Biogen Idec and Atlas Venture have agreed to invest a combined $17 million of Series A financing in a nearly-year-old drug developer focused on hereditary ataxias.
Biogen Idec is separately providing R&D and other funding to the company, called Ataxion. The biotech giant has the option to acquire Ataxion to continue development of the program upon completion of a Phase I multiple ascending dose (MAD) study at pre-negotiated terms, including undisclosed upfront and milestone payments.

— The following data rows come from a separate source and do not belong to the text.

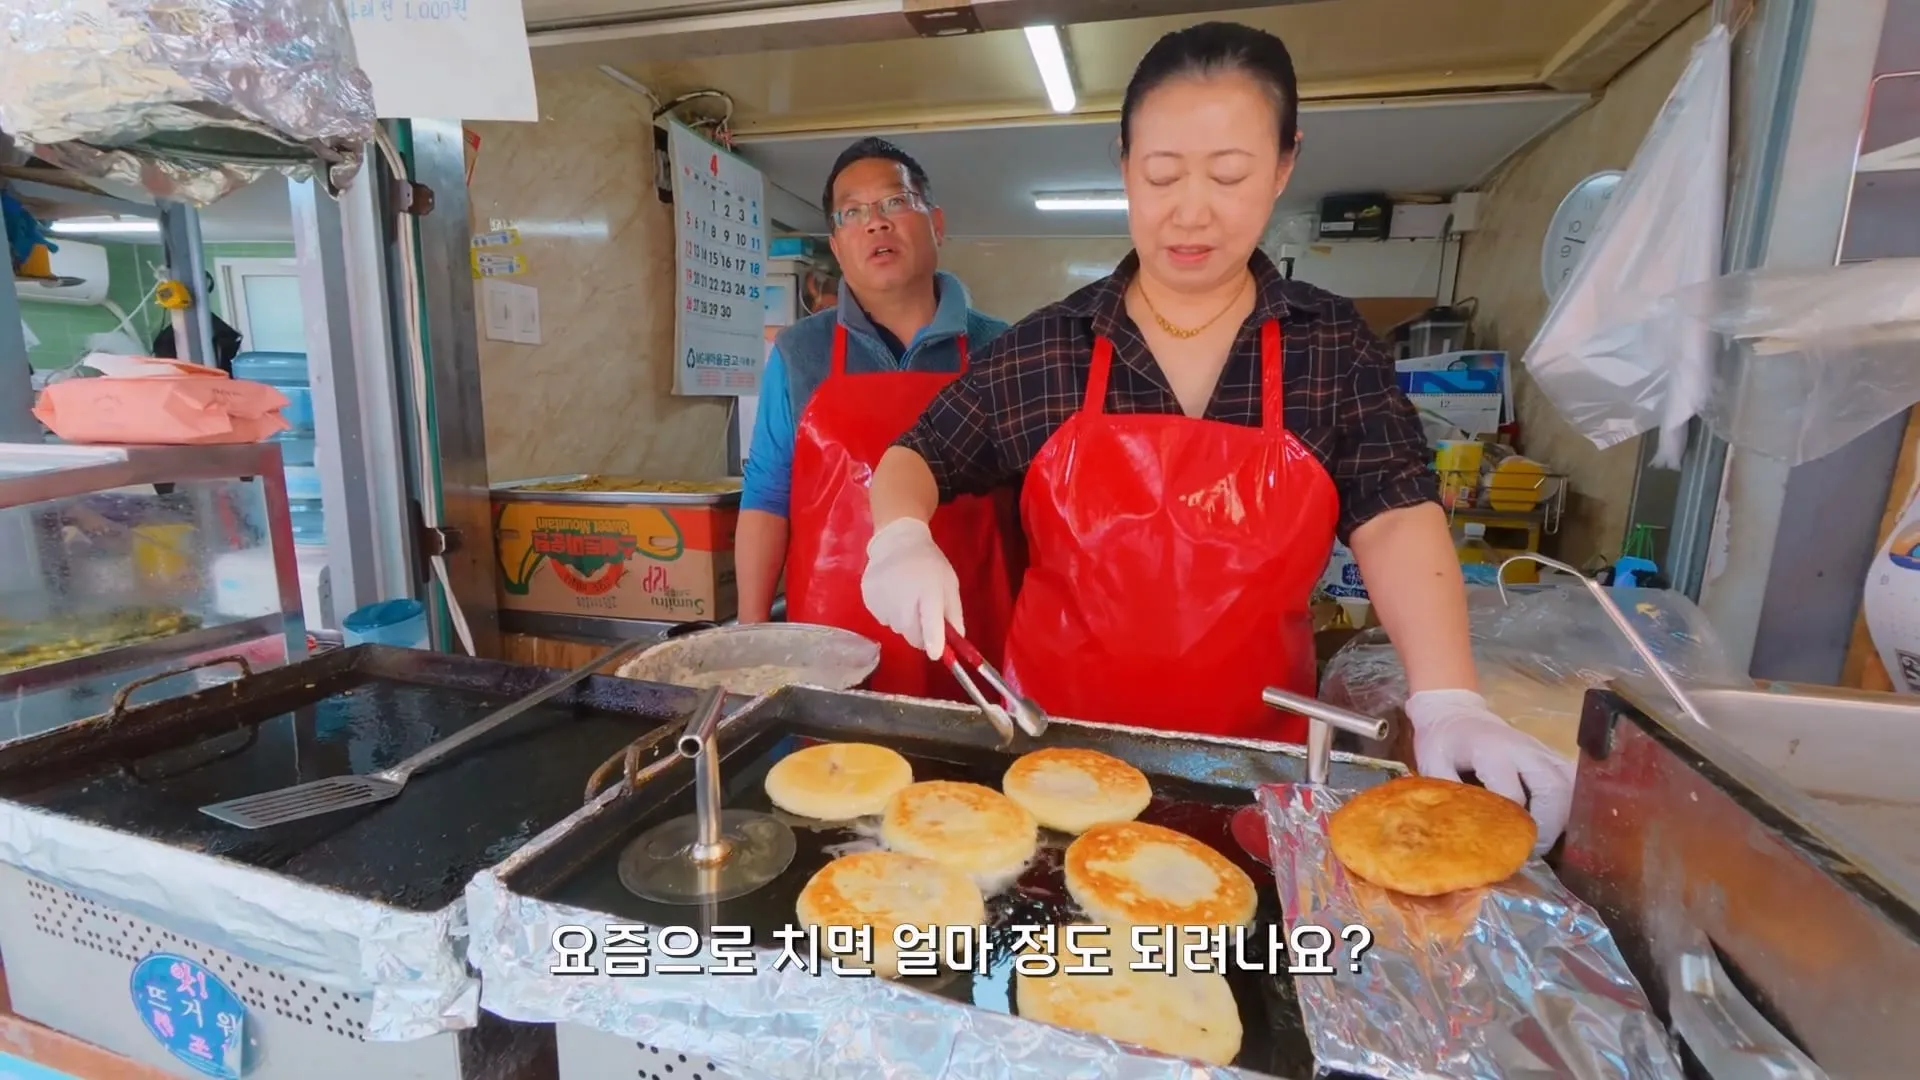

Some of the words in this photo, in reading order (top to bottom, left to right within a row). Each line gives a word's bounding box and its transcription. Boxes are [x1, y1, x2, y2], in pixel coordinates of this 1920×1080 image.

[709, 153, 719, 177] 4
[724, 204, 730, 217] 2
[738, 208, 745, 221] 3
[752, 213, 758, 225] 4
[686, 210, 691, 225] 5
[694, 216, 699, 229] 6
[711, 224, 717, 238] 8
[724, 229, 730, 242] 9
[736, 233, 746, 246] 10
[751, 237, 760, 250] 11
[1569, 220, 1582, 233] 10
[1560, 245, 1572, 258] 9
[709, 251, 718, 265] 15
[721, 256, 731, 269] 16
[735, 258, 746, 272] 17
[750, 262, 760, 275] 18
[709, 276, 718, 291] 22
[721, 279, 731, 294] 23
[735, 282, 746, 296] 24
[749, 285, 760, 299] 25
[709, 302, 718, 316] 29
[720, 304, 731, 318] 30
[537, 517, 592, 535] Mountain
[593, 519, 629, 535] Sweet
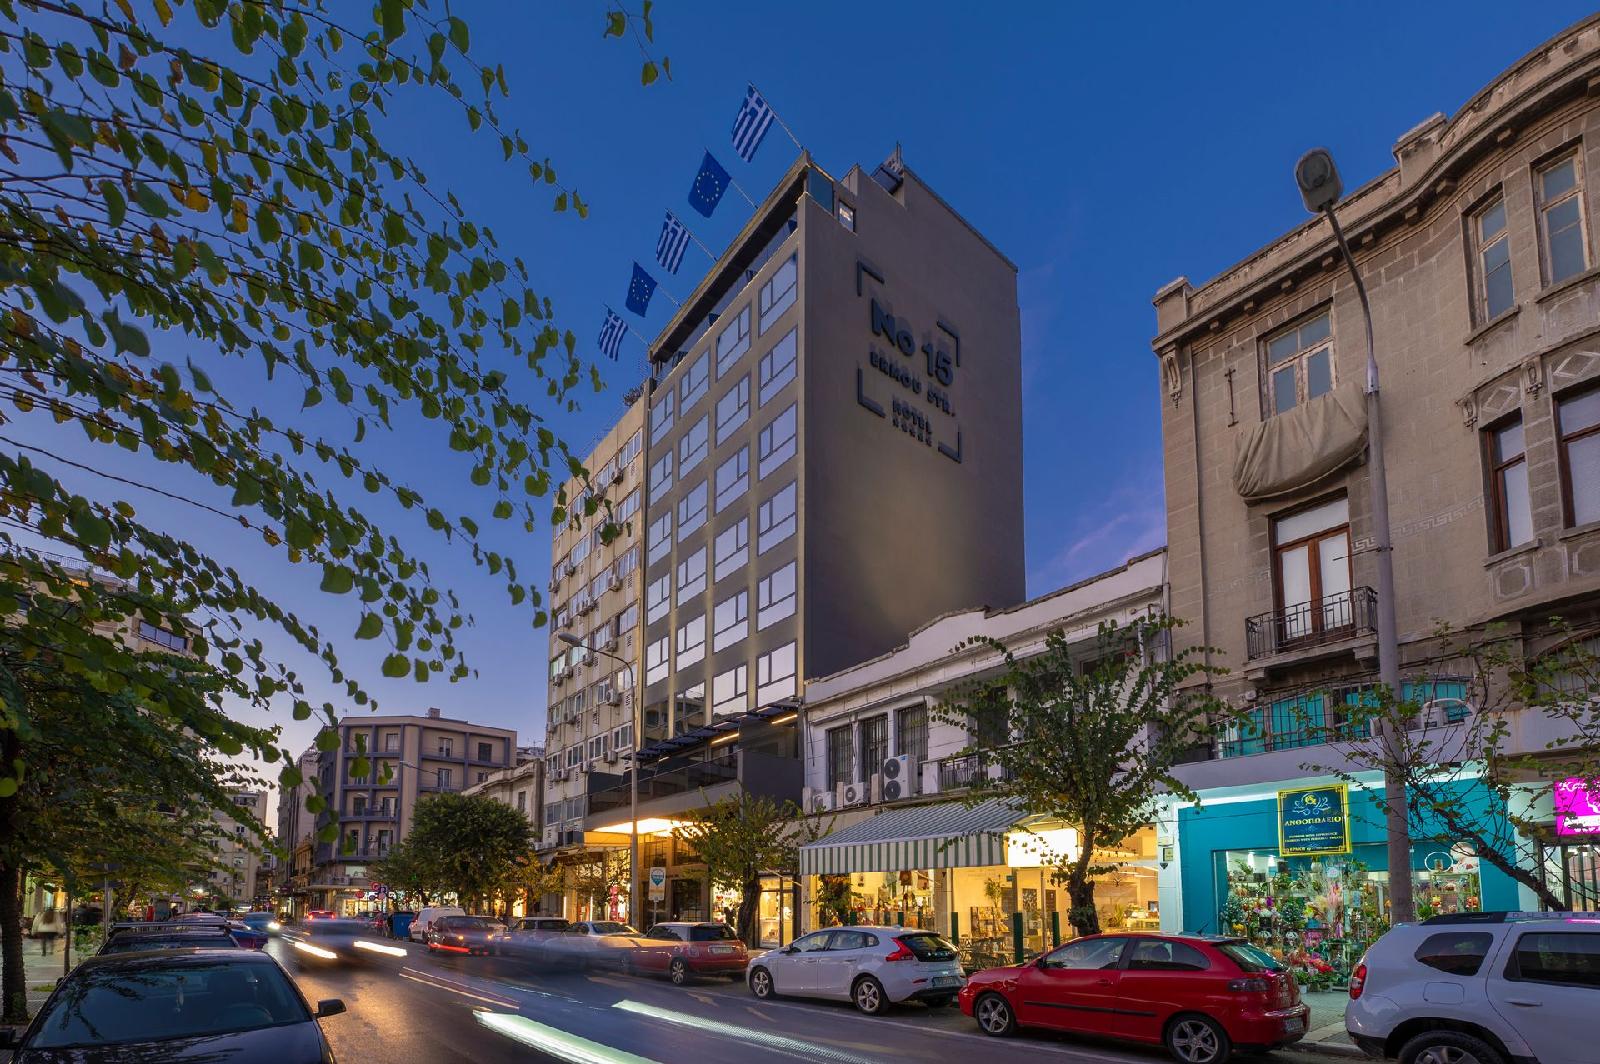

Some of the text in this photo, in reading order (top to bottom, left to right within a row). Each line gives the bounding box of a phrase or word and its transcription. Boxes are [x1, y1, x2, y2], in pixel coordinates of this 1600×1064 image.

[871, 297, 954, 387] No 15
[892, 398, 933, 436] HOTEL
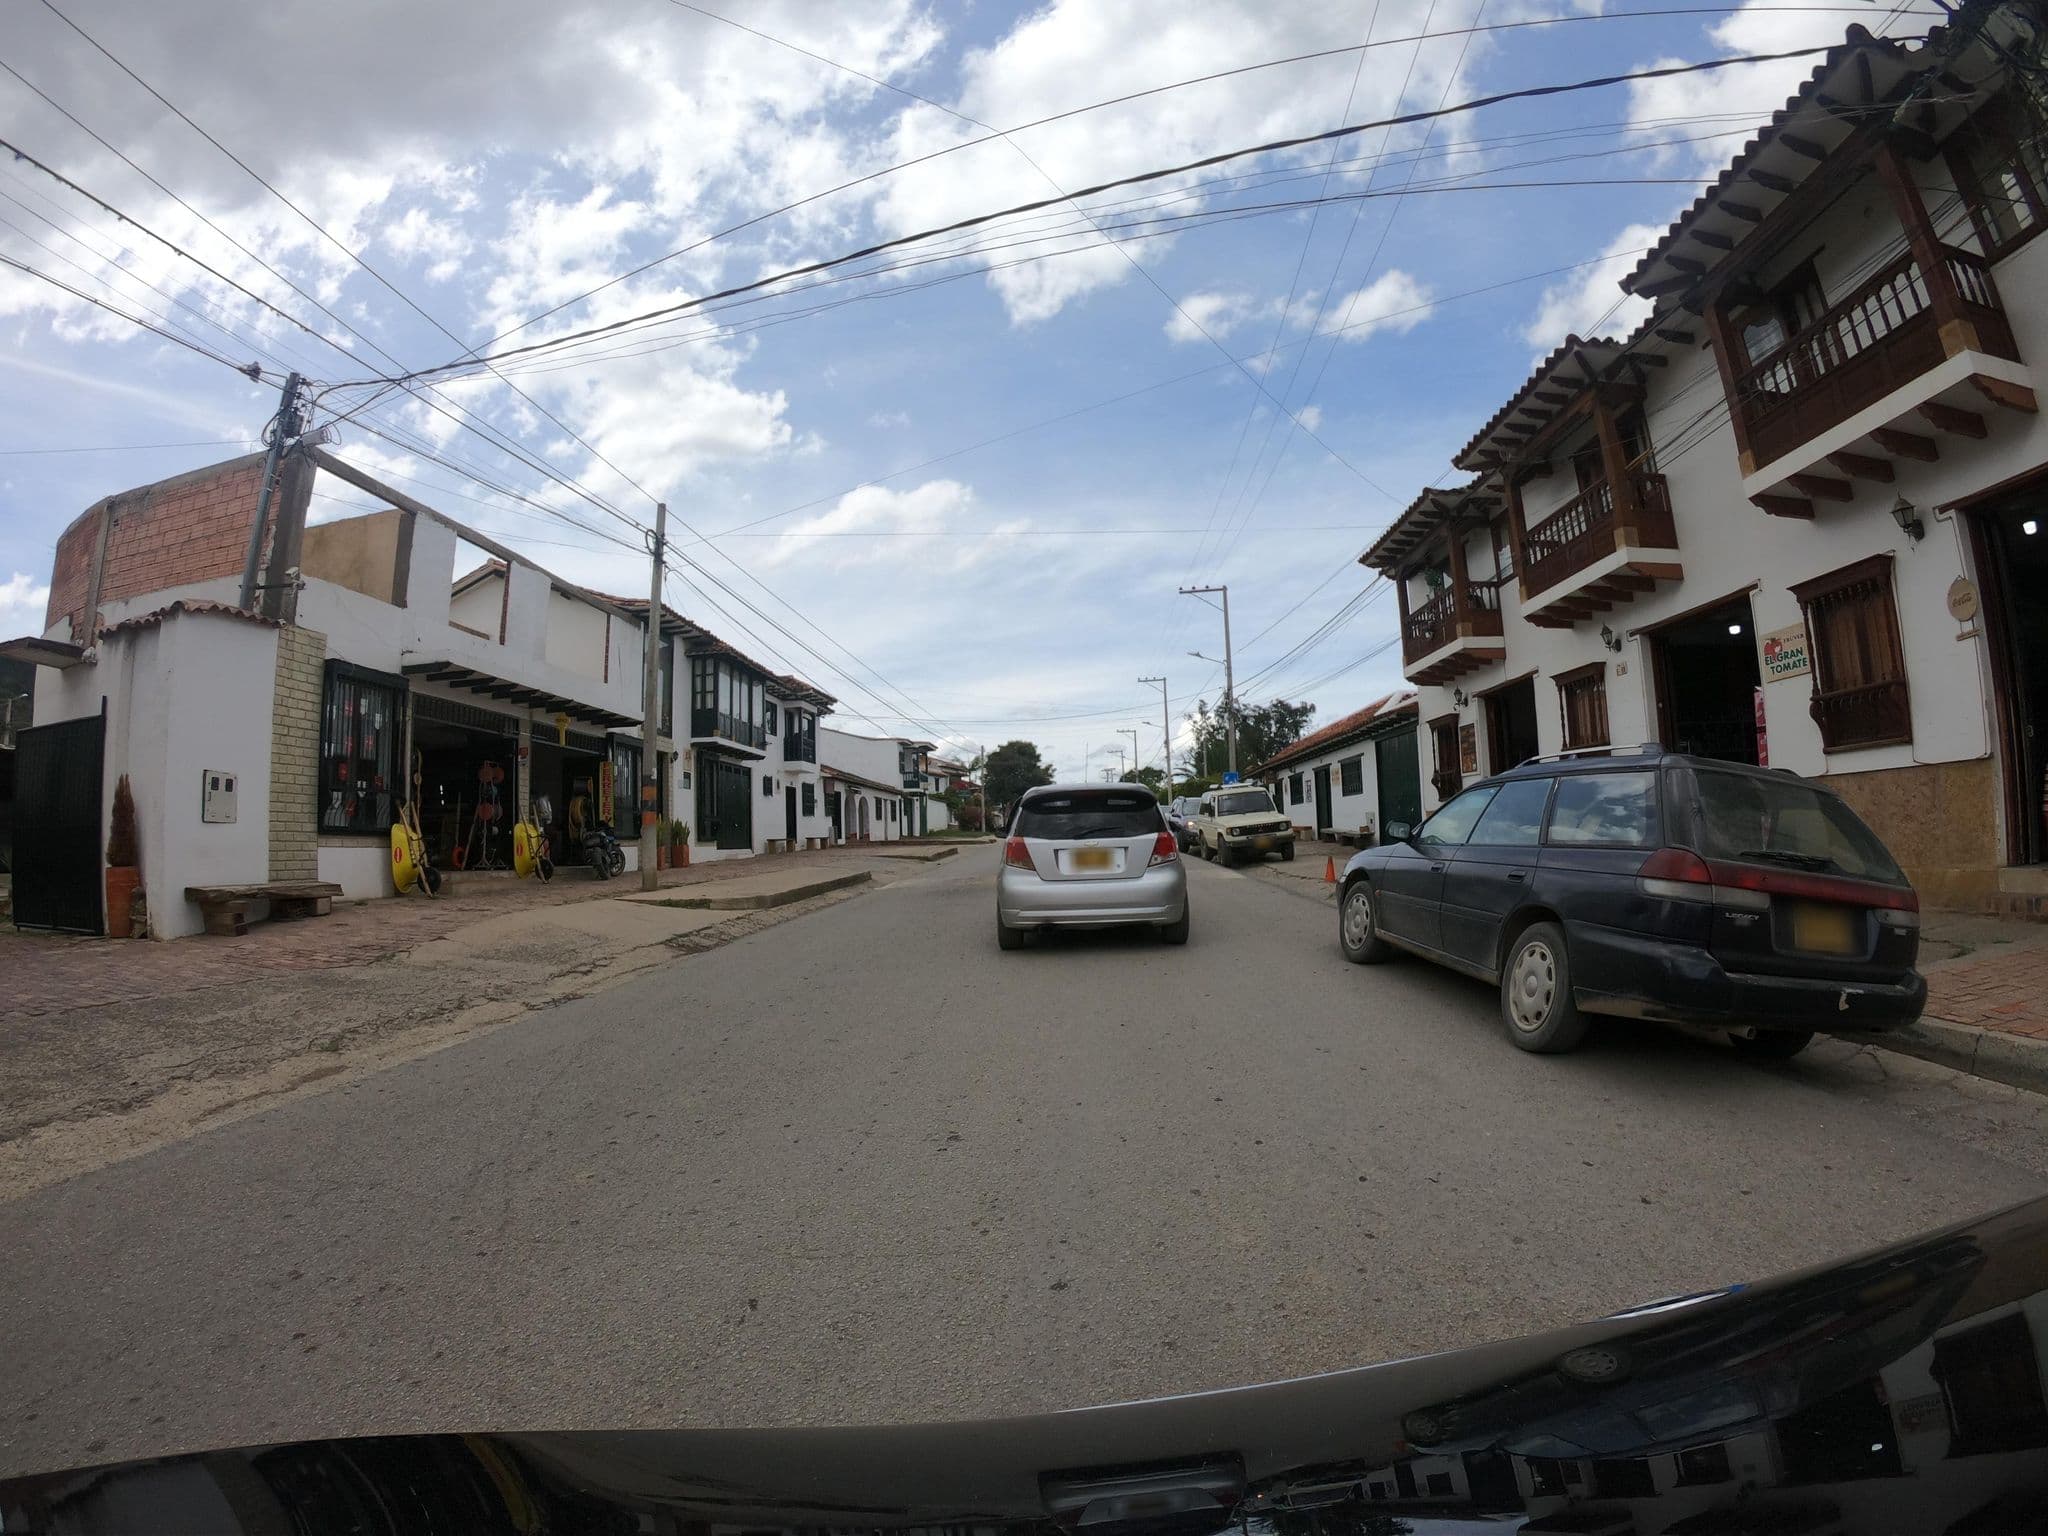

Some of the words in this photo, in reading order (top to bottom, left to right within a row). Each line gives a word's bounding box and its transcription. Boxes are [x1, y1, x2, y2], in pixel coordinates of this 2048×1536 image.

[1764, 655, 1775, 666] EL
[1776, 647, 1803, 662] GRAN
[1770, 657, 1808, 675] TOMATE

“Our investment in Ataxion fits perfectly into our mission to bring innovative therapies to people who have severe neurodegenerative diseases and few treatment options,” Steven Holtzman, evp of corporate development at Biogen Idec, said in a statement. “Ataxion's early research in the area of ataxias is compelling, and we look forward to working with them as this research progresses.”
Biogen Idec and Atlas said the drug candidates being developed for several genetic forms of ataxia may also be able to treat other forms of the orphan genetic disorder, such as those associated with multiple sclerosis and Huntington's disease.
By focusing on treating a group of ataxias, Ataxion distinguishes itself from several other companies focused on particular forms of the disease marked by dysfunction or degeneration of the cerebellum. Shire in January completed its $4.2 billion acquisition of ViroPharma, whose product candidates included the preclinical drug candidate VP20629 for Friedrich’s ataxia.
Also in January, BioMarin Pharmaceutical agreed to purchase Repligen's histone deacetylase inhibitor (HDACi) library and related intellectual property for $2 million upfront plus additional undisclosed milestone and royalty payments. BioMarin said the HDACi portfolio’s potential applications included treatments for Friedreich's ataxia and other neurological disorders.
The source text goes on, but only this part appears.